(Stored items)
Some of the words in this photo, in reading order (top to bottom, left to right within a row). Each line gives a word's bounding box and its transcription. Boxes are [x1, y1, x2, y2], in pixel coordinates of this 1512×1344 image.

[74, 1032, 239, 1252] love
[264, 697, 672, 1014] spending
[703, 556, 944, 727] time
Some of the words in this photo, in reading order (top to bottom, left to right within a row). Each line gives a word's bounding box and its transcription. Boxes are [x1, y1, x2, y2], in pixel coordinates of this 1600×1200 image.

* * *

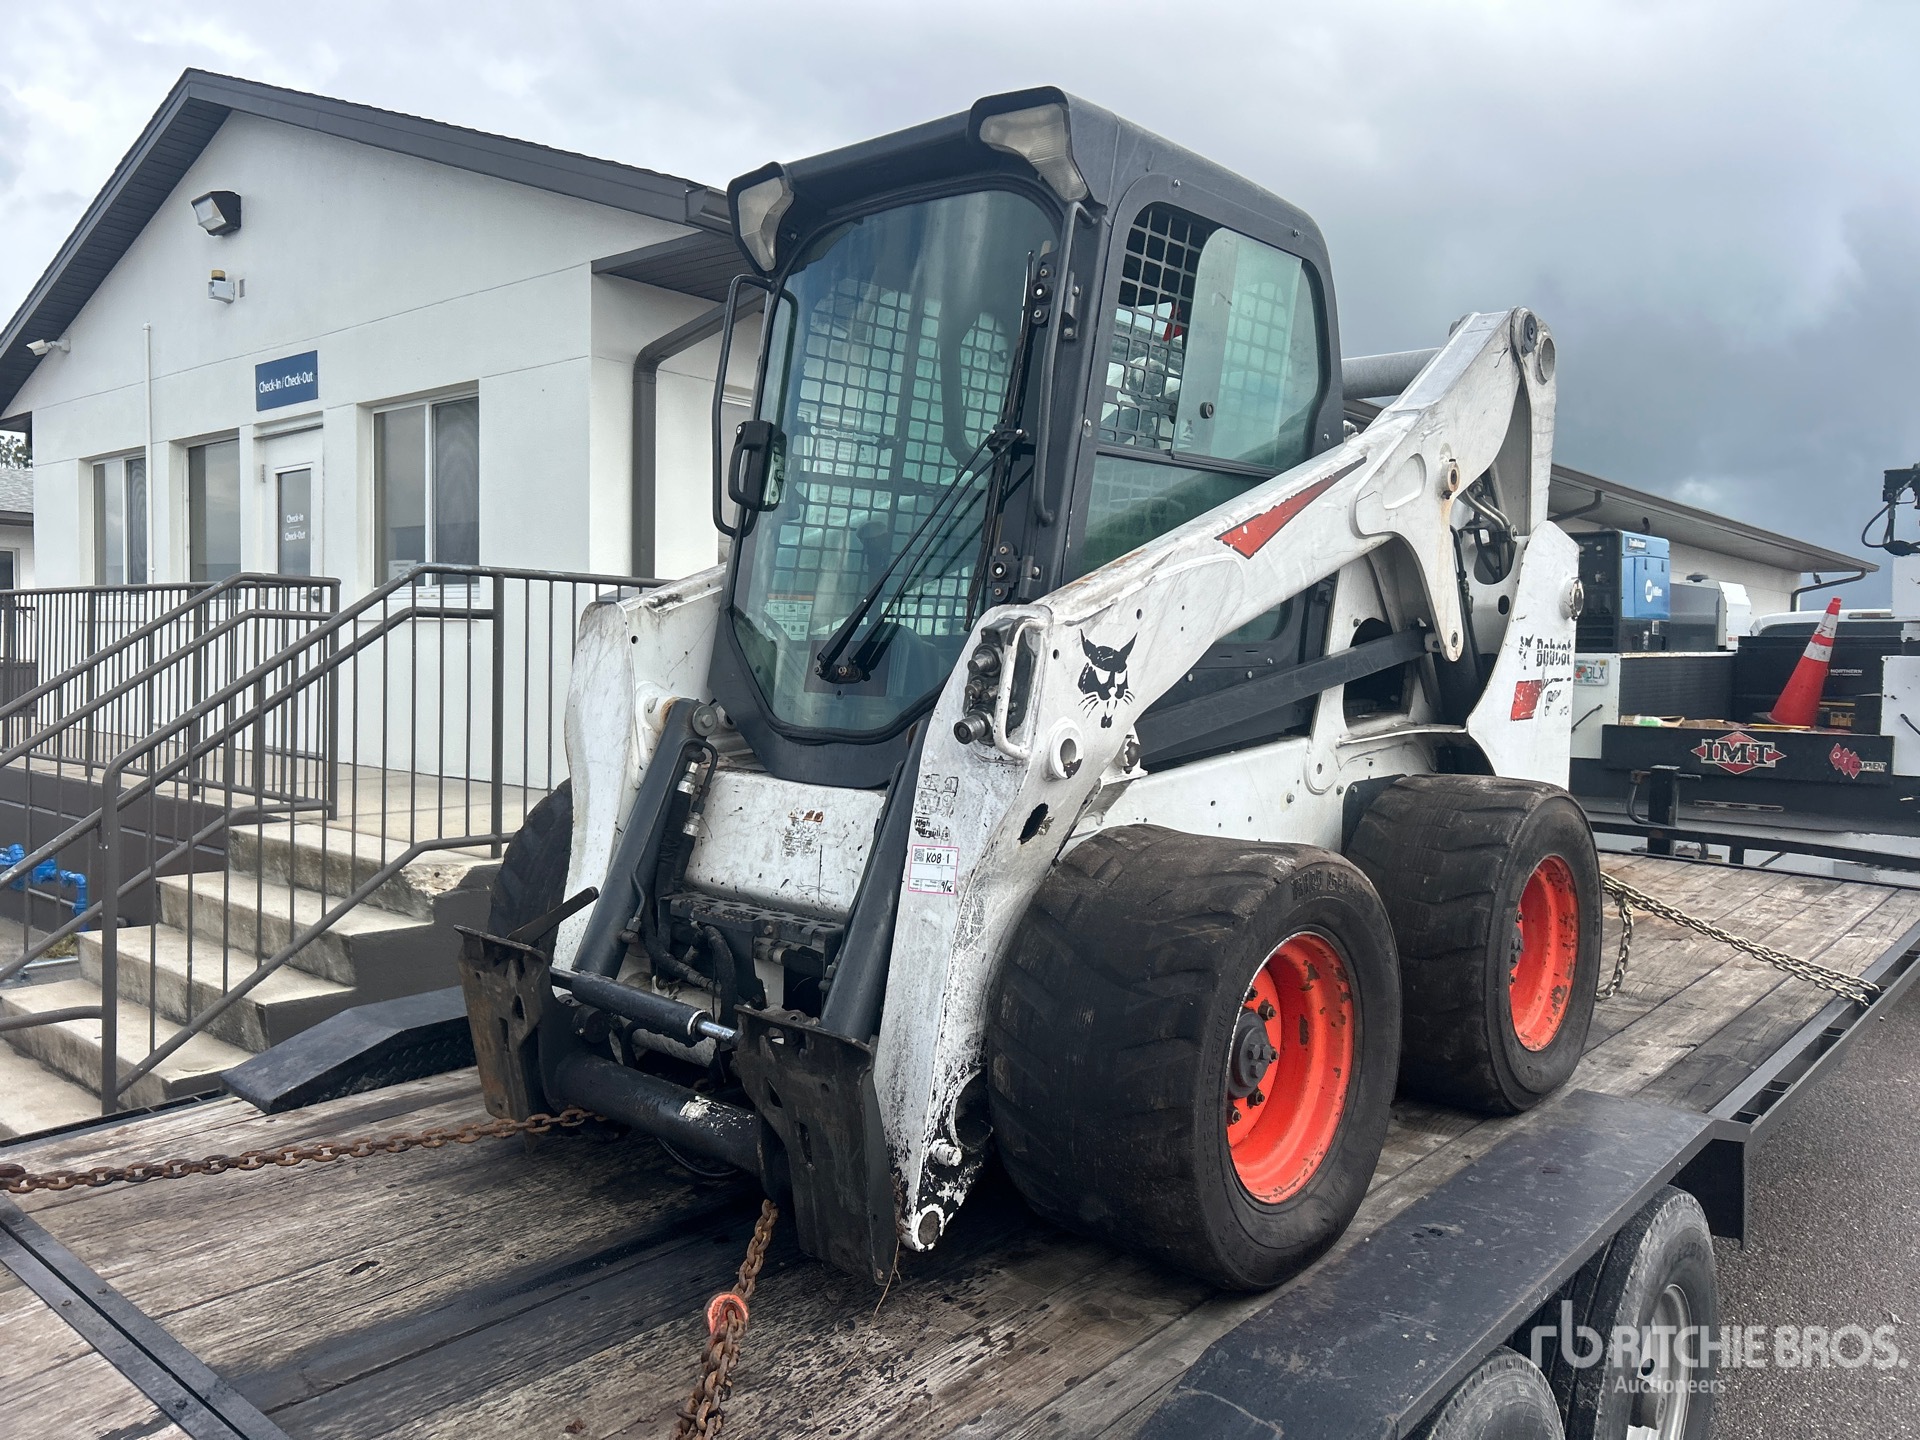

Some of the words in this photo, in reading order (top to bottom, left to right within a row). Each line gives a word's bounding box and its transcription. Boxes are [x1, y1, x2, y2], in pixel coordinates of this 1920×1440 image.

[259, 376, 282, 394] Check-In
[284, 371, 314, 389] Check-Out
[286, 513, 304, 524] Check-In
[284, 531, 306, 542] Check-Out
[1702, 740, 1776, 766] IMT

**What is needed**
Using the entries shown above, reproduce verbatim the lines from the line bearing "this 1512×1344 image." to the line bearing "this 1600×1200 image.", inclusive.

**Solved exercise**
Some of the words in this photo, in reading order (top to bottom, left to right within a row). Each line gives a word's bounding box and its transcription. Boxes are [x1, y1, x2, y2], in pixel coordinates of this 1512×1344 image.

[74, 1032, 239, 1252] love
[264, 697, 672, 1014] spending
[703, 556, 944, 727] time
Some of the words in this photo, in reading order (top to bottom, left to right within a row). Each line gives a word's bounding box and its transcription. Boxes are [x1, y1, x2, y2], in pixel coordinates of this 1600×1200 image.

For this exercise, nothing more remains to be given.